Problem to work on ▸ Give the entries again exactly; drop the pictures.

Data records ▸
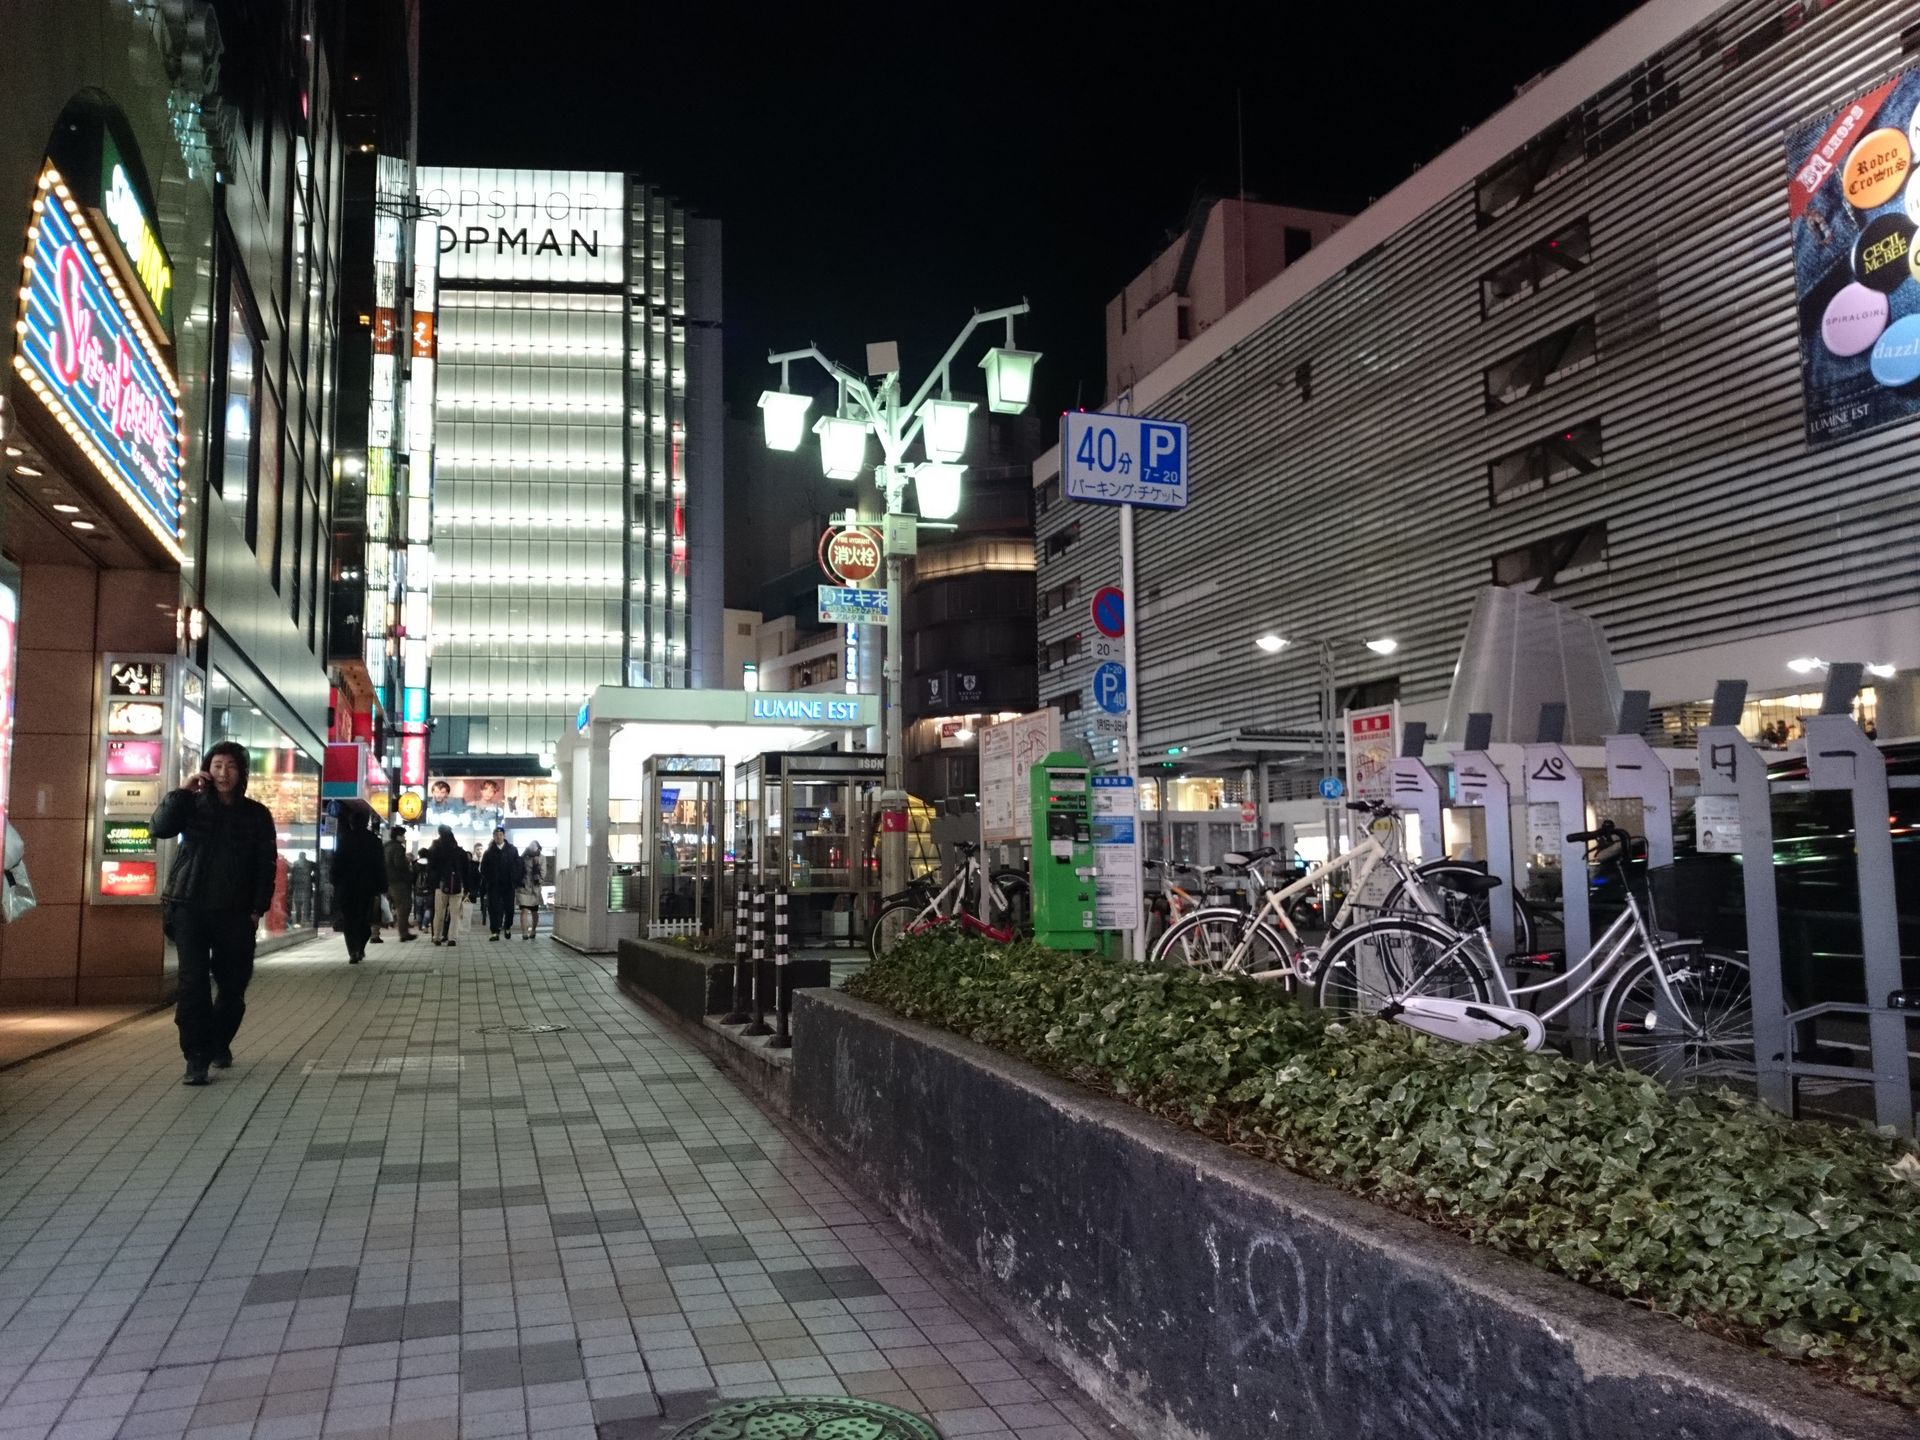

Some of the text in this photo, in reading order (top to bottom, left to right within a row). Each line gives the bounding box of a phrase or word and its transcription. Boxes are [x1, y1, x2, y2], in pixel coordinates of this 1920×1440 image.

[1822, 104, 1864, 159] SHOPS
[417, 188, 599, 220] OPSHOP
[439, 225, 599, 258] OPMAN
[1863, 231, 1900, 261] CECIL
[1825, 309, 1887, 326] SPIRALGIRL
[1873, 337, 1920, 359] dazzl
[1810, 403, 1869, 433] LUMINE EST
[1076, 425, 1132, 475] 40分
[1149, 428, 1176, 468] P
[834, 545, 875, 567] 消火栓
[1102, 673, 1118, 706] P
[754, 699, 858, 720] LUMINE EST
[858, 759, 884, 769] ISDN
[107, 829, 149, 839] SUBWAY

Answer for this exercise ▸
Some of the text in this photo, in reading order (top to bottom, left to right within a row). Each line gives the bounding box of a phrase or word and its transcription. Boxes are [x1, y1, x2, y2], in pixel coordinates of this 1920×1440 image.

[1822, 104, 1864, 159] SHOPS
[417, 188, 599, 220] OPSHOP
[439, 225, 599, 258] OPMAN
[1863, 231, 1900, 261] CECIL
[1825, 309, 1887, 326] SPIRALGIRL
[1873, 337, 1920, 359] dazzl
[1810, 403, 1869, 433] LUMINE EST
[1076, 425, 1132, 475] 40分
[1149, 428, 1176, 468] P
[834, 545, 875, 567] 消火栓
[1102, 673, 1118, 706] P
[754, 699, 858, 720] LUMINE EST
[858, 759, 884, 769] ISDN
[107, 829, 149, 839] SUBWAY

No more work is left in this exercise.